▶ _Action item_: Would you please give the entries again word for word, with no images in your copy?

== == ==

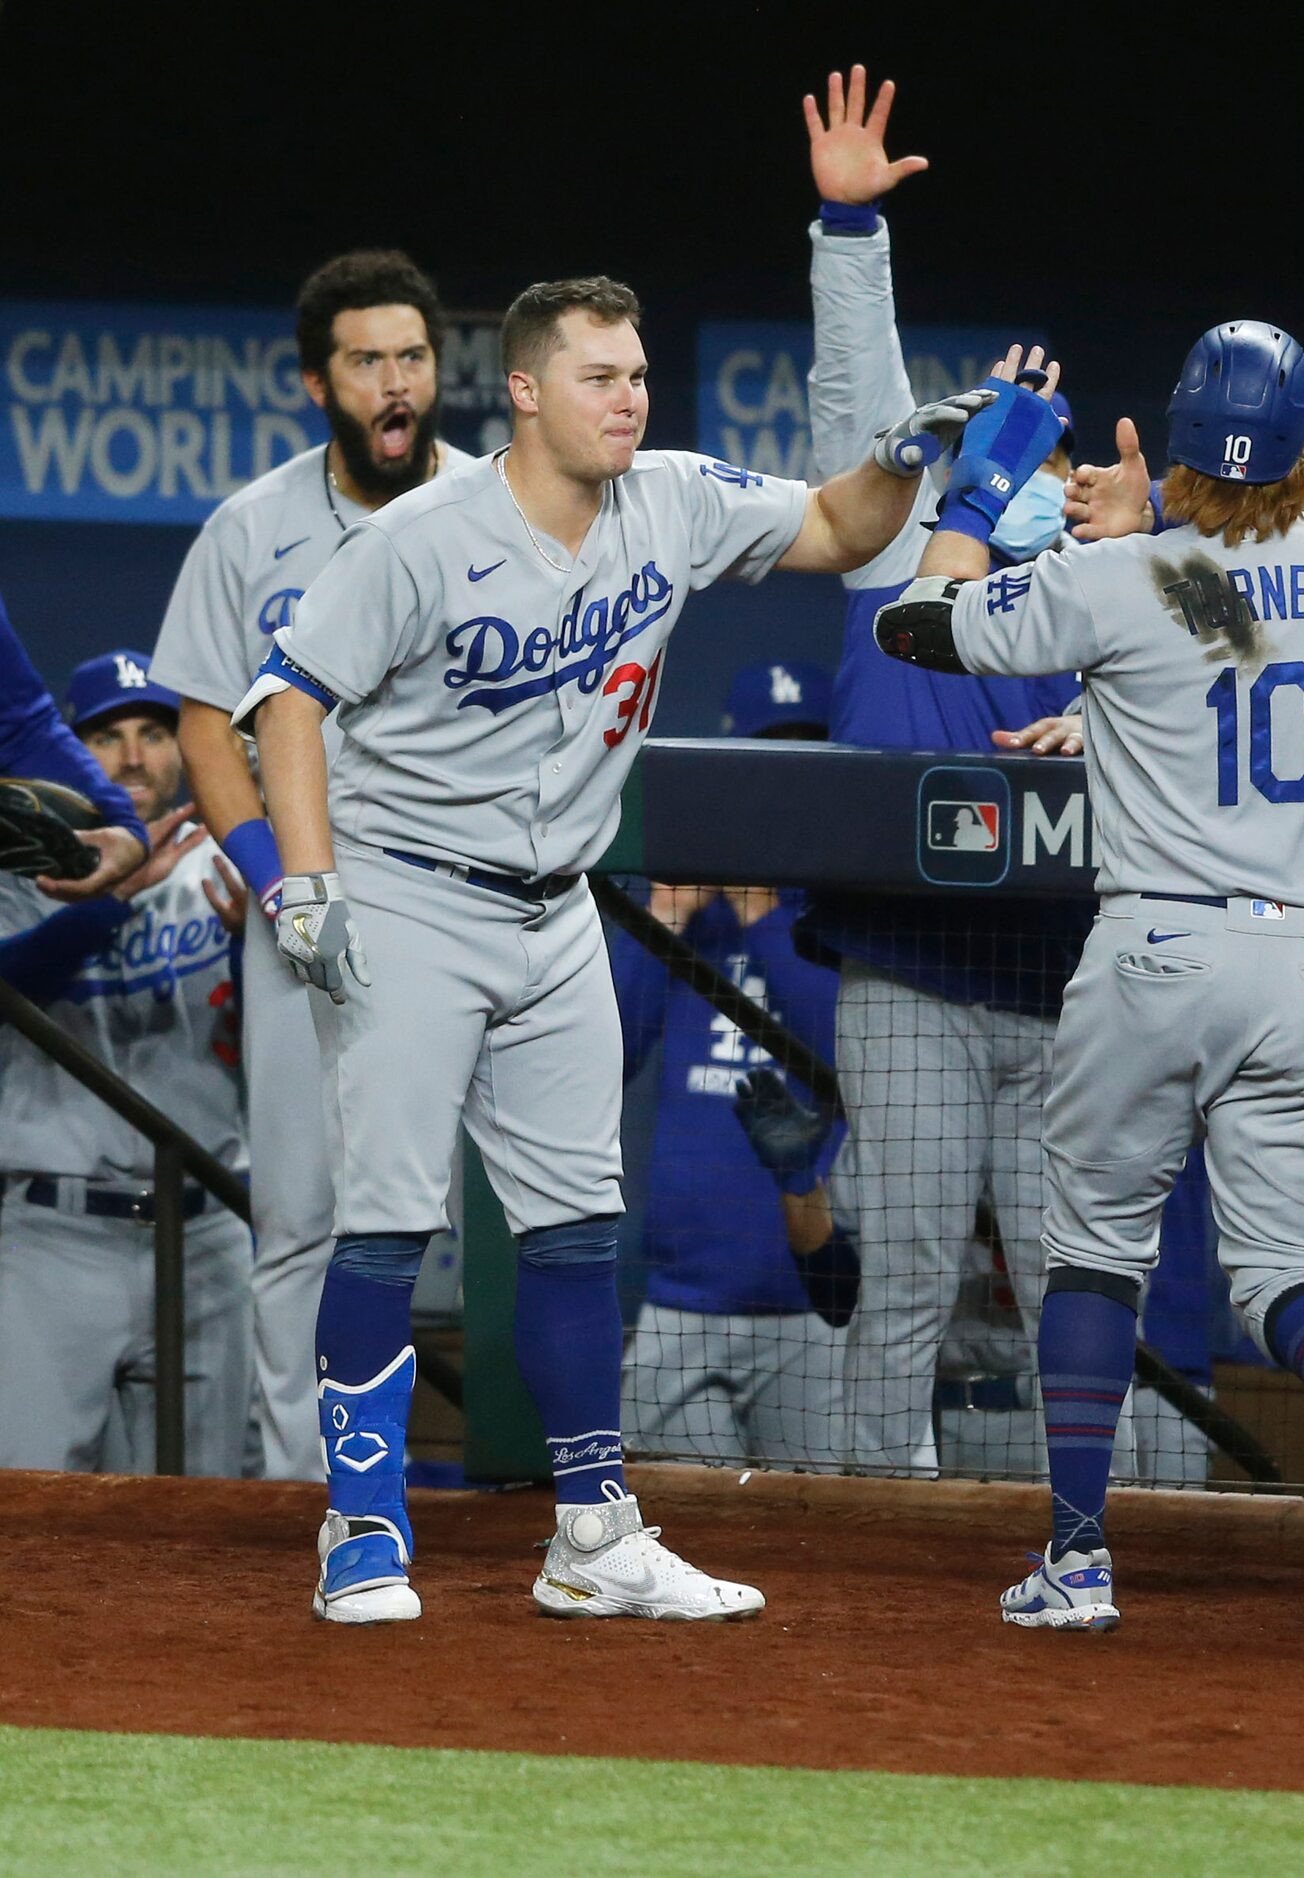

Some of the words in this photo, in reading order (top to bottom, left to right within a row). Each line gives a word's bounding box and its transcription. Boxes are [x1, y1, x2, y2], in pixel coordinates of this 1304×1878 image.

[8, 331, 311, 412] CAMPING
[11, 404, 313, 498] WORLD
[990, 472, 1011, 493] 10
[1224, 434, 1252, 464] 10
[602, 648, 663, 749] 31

== == ==

▶ _Task output_:
Some of the words in this photo, in reading order (top to bottom, left to right within a row). Each line gives a word's bounding box and its transcription. Boxes are [x1, y1, x2, y2], in pixel coordinates of this 1304×1878 image.

[8, 331, 311, 412] CAMPING
[11, 404, 313, 498] WORLD
[990, 472, 1011, 493] 10
[1224, 434, 1252, 464] 10
[602, 648, 663, 749] 31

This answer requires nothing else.